Standardizing Network and Service Objects across Firewalls
Network and service objects are often used by firewall engineers in firewall policy implementation. For a network environment with a large number of firewalls, it is highly recommended that all common objects across the firewall inventory be standardized. Without standardization, the same objects can be created in different firewalls for commonly used services or IP addresses, or worse the same object name can be associated with different object definitions. Objects with the same name but different definitions (called Conflict Objects) can cause configuration errors. Objects with different names but the same definition (called Redundant Objects) unnecessarily increase the size of an object library, and can cause redundant rules in the configuration.
Object standardization involves the following steps applied across all the firewalls in the inventory:
- Find all objects from all firewalls in the inventory
- Identify conflicting and redundant objects based on object name and definition
- Renaming an object
- Replacing redundant objects with a single object
- Replacing an object with another object
- Splitting an object into smaller objects
- Resolving conflicts between objects
- Updating all configurations with new object names and definitions
- Validating changes in the configuration
If all firewalls are already managed by a single management console, e.g.

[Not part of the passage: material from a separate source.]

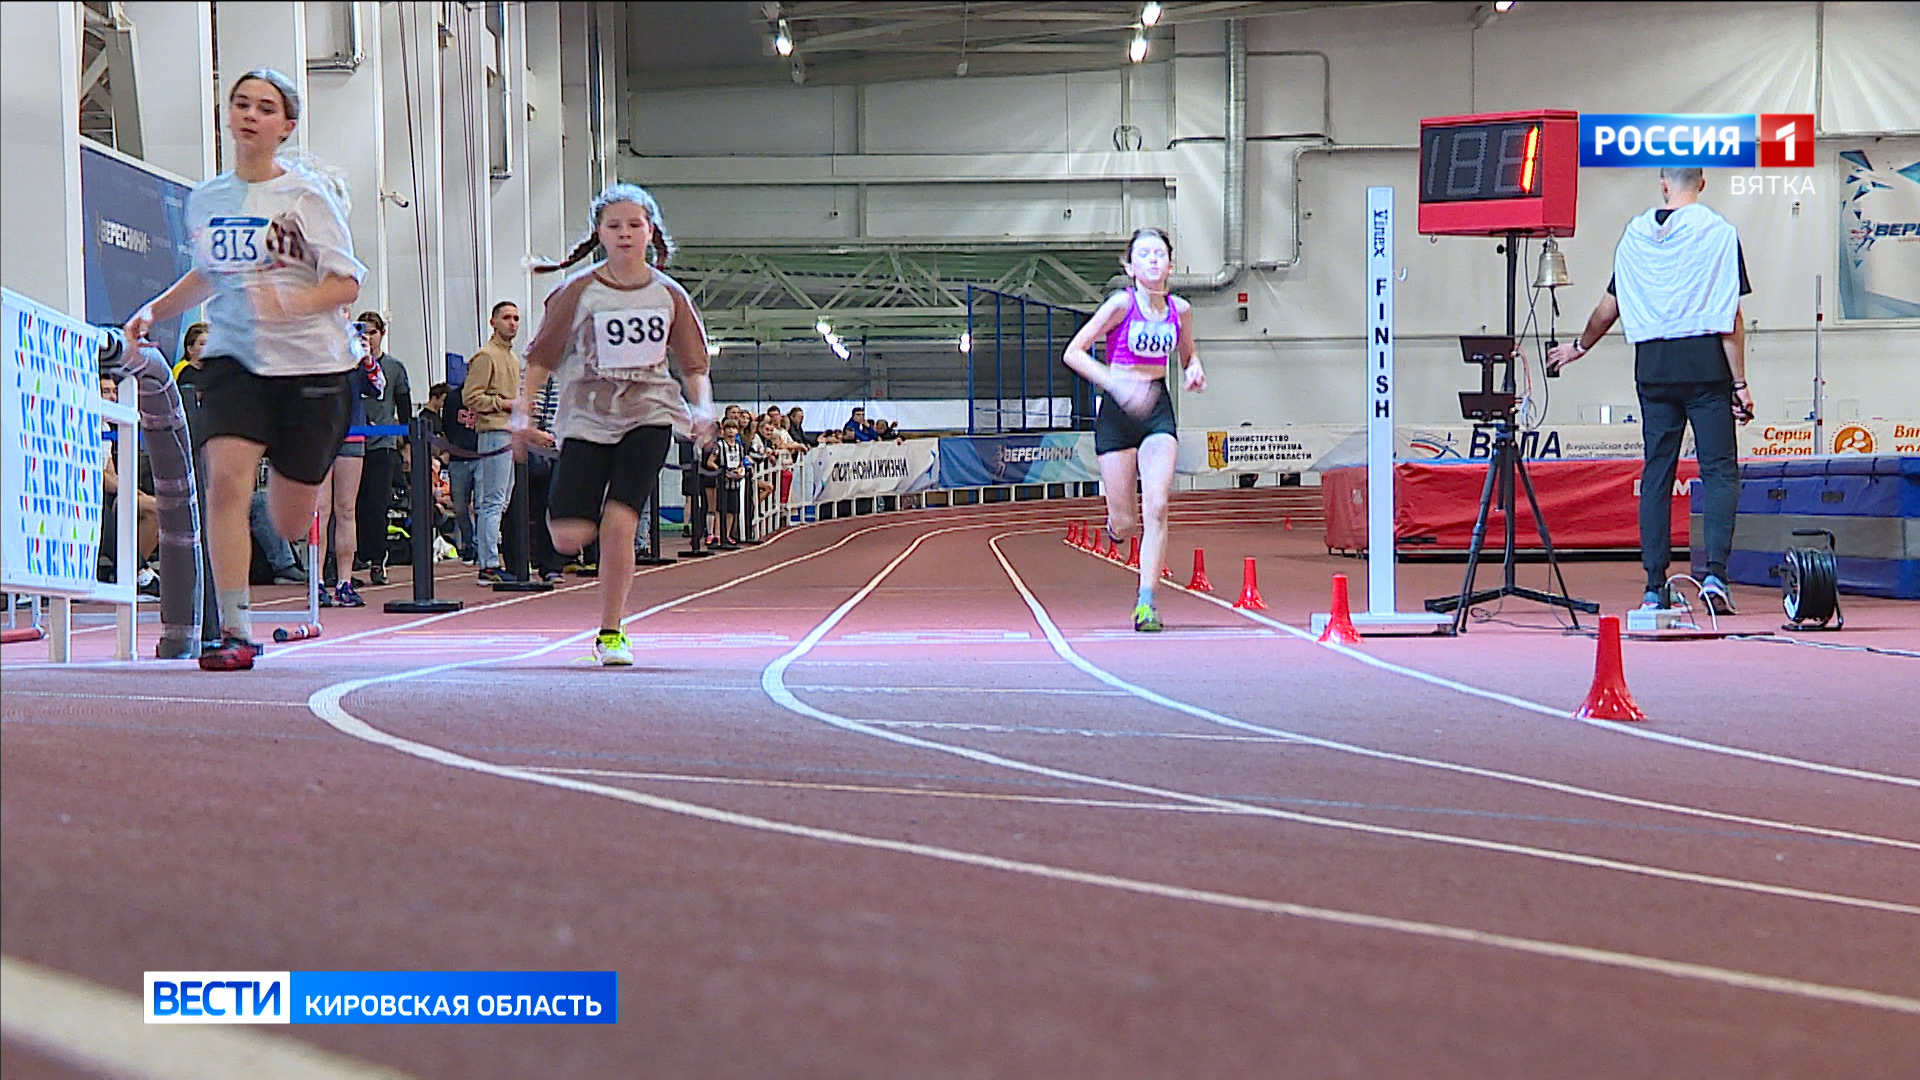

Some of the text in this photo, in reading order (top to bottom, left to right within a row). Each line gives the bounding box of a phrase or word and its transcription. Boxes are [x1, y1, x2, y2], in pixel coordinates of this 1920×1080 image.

Cisco CSM, object modifications in the management console can be reflected to all referring objects and rules across all managed firewalls. When many objects are being modified simultaneously, this can be very dangerous because there is no evaluation of the impact of change in firewall configurations on network security. Moreover, consolidation of redundant objects cannot be done through management consoles since management consoles do not perform searching and merging objects based on their IP addresses and port values.
One of our customers, a Fortune 500 company encountered many problems when they started their company-wide object standardization project. They were attempting to deploy Cisco CSM for managing a couple of hundred Cisco firewalls. However, CSM does not resolve conflict objects, but simply creates new objects with a suffix of 1, 2 etc. A huge manual effort could have been necessary to resolve and consolidate the object library that had more than 10k objects, had they blindly deployed CSM. Among the issues they encountered that would delay their project significantly were:
- Cisco firewall CLI (prior ASA 8.3) does not support object rename or replacement. A new object has to be created. All referring rules and objects have to be manually found and replaced.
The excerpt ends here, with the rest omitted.